=== Available records ===

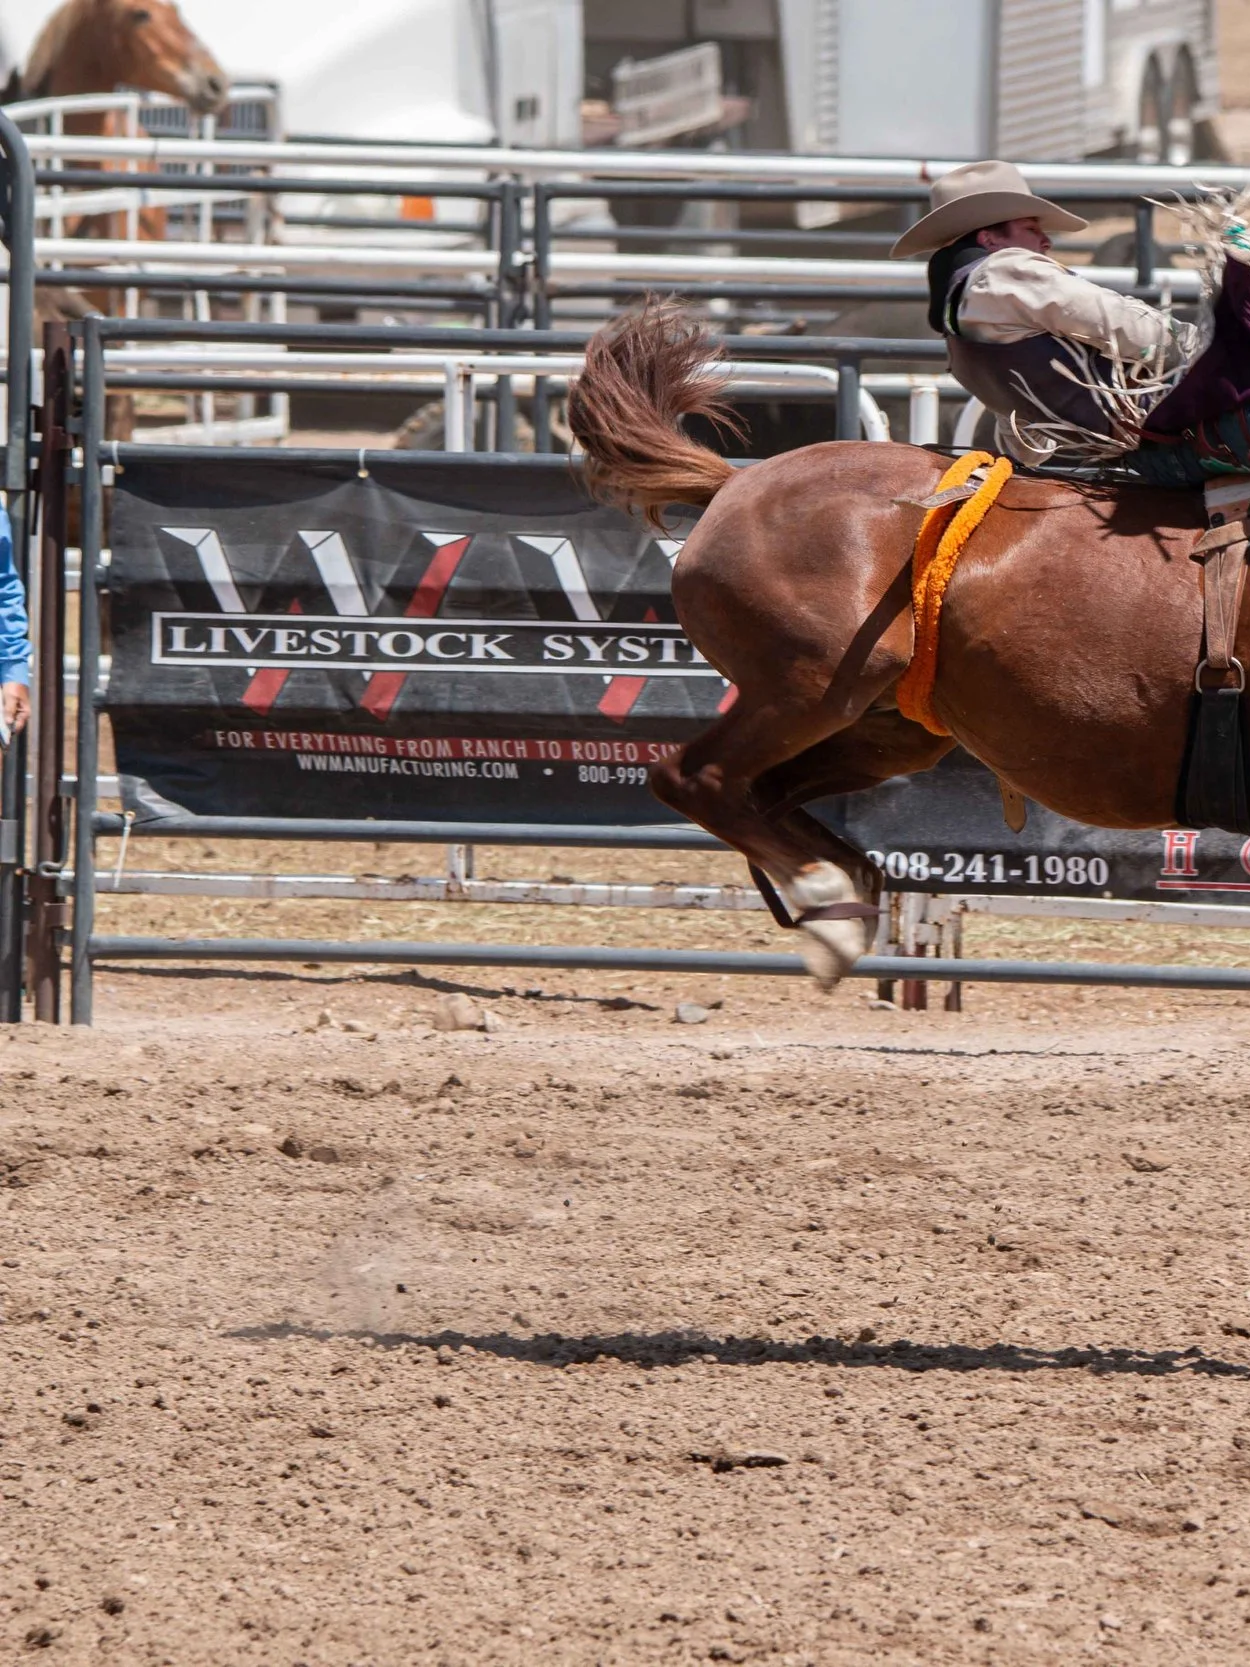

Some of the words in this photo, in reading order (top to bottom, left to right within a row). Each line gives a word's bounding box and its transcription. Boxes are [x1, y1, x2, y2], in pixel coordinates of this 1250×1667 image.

[166, 625, 517, 659] LIVESTOCK
[215, 730, 256, 749] FOR
[263, 731, 386, 755] EVERYTHING
[395, 739, 450, 759] FROM
[461, 739, 526, 759] RANCH
[538, 740, 562, 760] TO
[572, 741, 639, 762] RODEO
[297, 753, 519, 780] WWMANUFACTURING.COM
[578, 764, 648, 786] 800-999
[865, 849, 1110, 886] 208-241-1980

===

Without changing a word, restate the listing above; the pictures stay out.

Some of the words in this photo, in reading order (top to bottom, left to right within a row). Each line gives a word's bounding box and its transcription. Boxes are [x1, y1, x2, y2], in pixel coordinates of this 1250×1667 image.

[166, 625, 517, 659] LIVESTOCK
[215, 730, 256, 749] FOR
[263, 731, 386, 755] EVERYTHING
[395, 739, 450, 759] FROM
[461, 739, 526, 759] RANCH
[538, 740, 562, 760] TO
[572, 741, 639, 762] RODEO
[297, 753, 519, 780] WWMANUFACTURING.COM
[578, 764, 648, 786] 800-999
[865, 849, 1110, 886] 208-241-1980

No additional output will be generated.